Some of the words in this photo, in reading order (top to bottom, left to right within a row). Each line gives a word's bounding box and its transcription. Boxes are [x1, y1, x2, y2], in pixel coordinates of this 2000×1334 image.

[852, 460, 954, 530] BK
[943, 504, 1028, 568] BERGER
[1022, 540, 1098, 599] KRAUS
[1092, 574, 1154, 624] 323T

- Exercise description -
Nothing in the data may change. Give it again in full.

- Expected answer -
Some of the words in this photo, in reading order (top to bottom, left to right within a row). Each line gives a word's bounding box and its transcription. Boxes are [x1, y1, x2, y2], in pixel coordinates of this 2000×1334 image.

[852, 460, 954, 530] BK
[943, 504, 1028, 568] BERGER
[1022, 540, 1098, 599] KRAUS
[1092, 574, 1154, 624] 323T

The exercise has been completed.